The hydraulic transformer is the core component when it works with the common pressure rail system, which integrates the functions of the pump and the motor, and thus possesses sensitive pressure characteristics. The rotating speed has significant influence on the pressure characteristics of a hydraulic transformer while it has not been considered previously. In this study, aimed at improving the working performance, a novel double rotor hydraulic transformer is proposed and a comprehensive mathematical model considering the dynamic characteristics of the cylinder block is established. At the same time, a prototype is made and the experiment is conducted. The test results show that the robust rotor structure enables a larger pressure range, and the numerical results exhibit a good match with the test results.

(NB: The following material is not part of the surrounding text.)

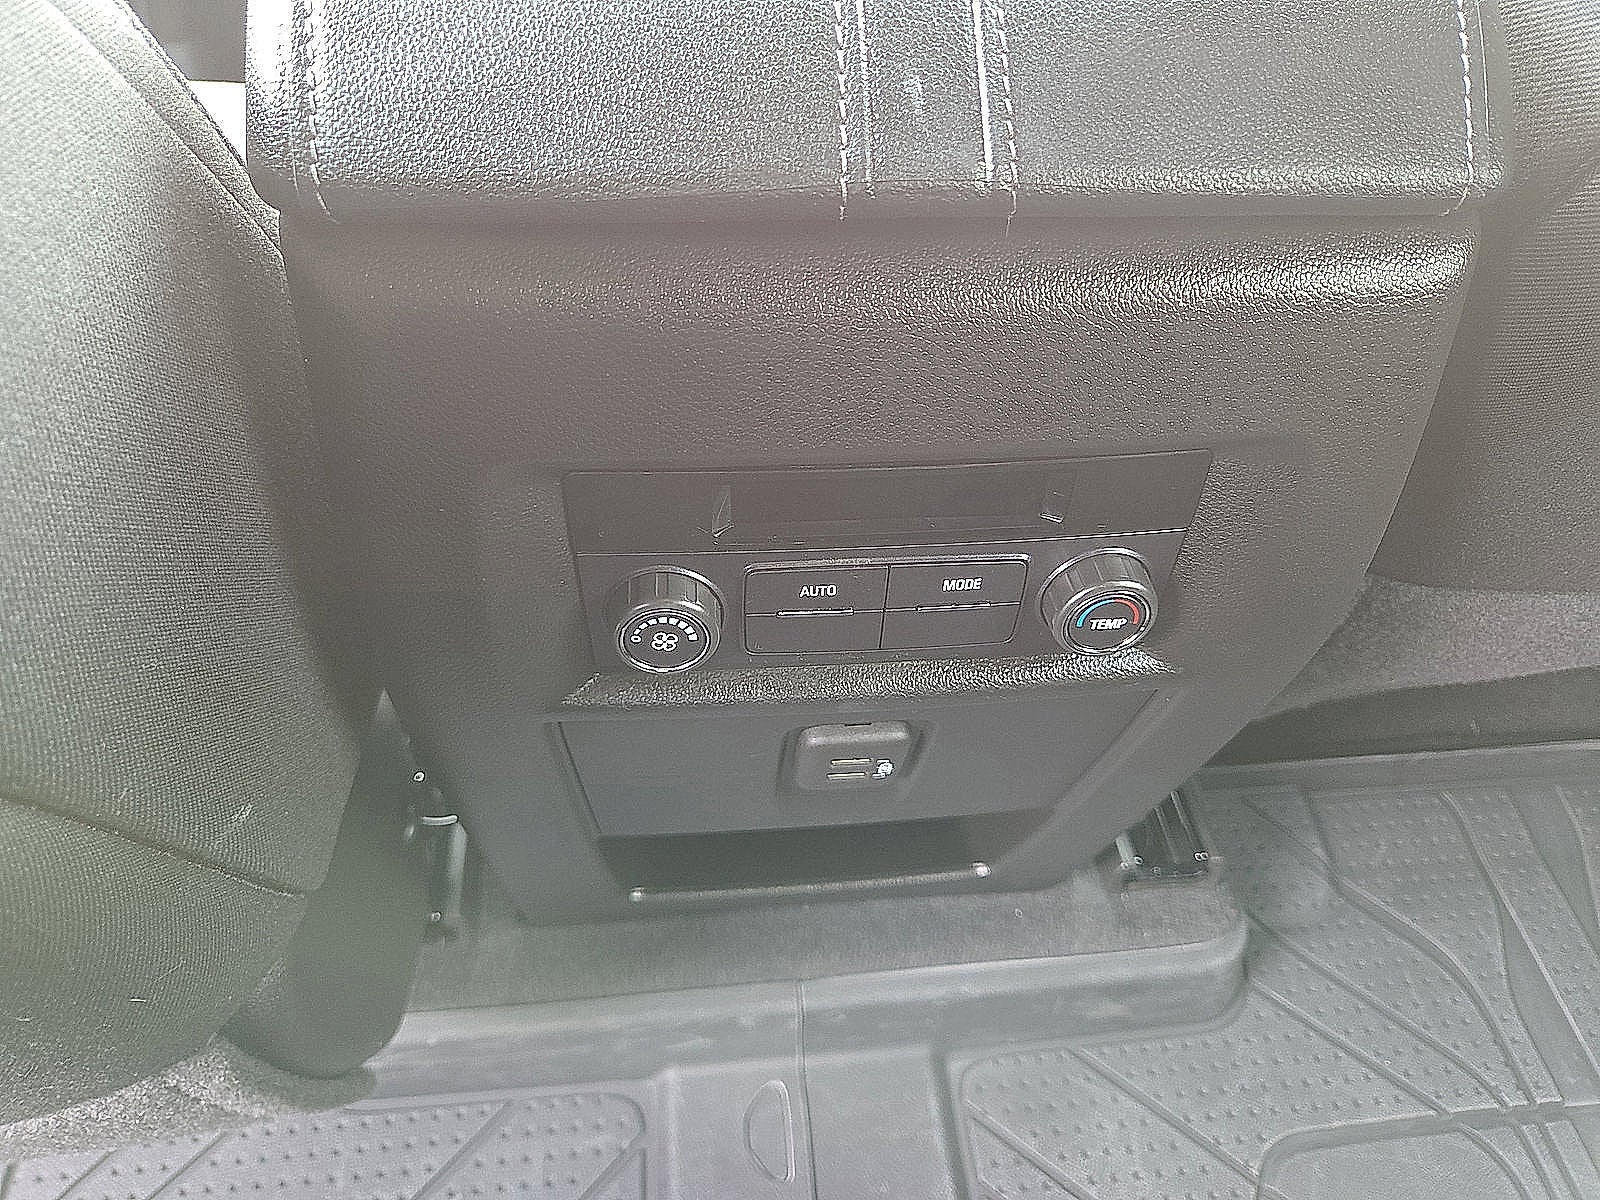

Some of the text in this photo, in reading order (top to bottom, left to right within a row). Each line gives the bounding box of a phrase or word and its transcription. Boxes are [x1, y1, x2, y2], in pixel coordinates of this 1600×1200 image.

[799, 584, 837, 598] AUTO
[942, 577, 983, 592] MODE
[1089, 617, 1128, 631] TEMP

The parameter sensitivity study shows that the delivery pressure is mainly subject to the valve plate control angle δ and, under the effects of the resistance torques, pressure loss will occur especially under a large control angle and a high rotating speed. The magnitude of the instantaneous angular velocity fluctuation increases sharply when the speed is lower than 400 r/min, which is the main reason for the serious pressure pulsation at a low speed. As a result of the improved low-speed stability and output flow uniformity, the pressure pulsation rate of the double rotor hydraulic transformer is greatly reduced. However, the pulsation rate is still high at an extremely low speed. In addition, when the rotating speed exceeds the capability of the damping grooves, the pressure undershoot becomes serious at the A-T transition region around the control angle of −30°. Consequently, from the perspective of pressure characteristics, the limitation on the rotating speed under small control angles is suggested for the design of the double rotor hydraulic transformer controller.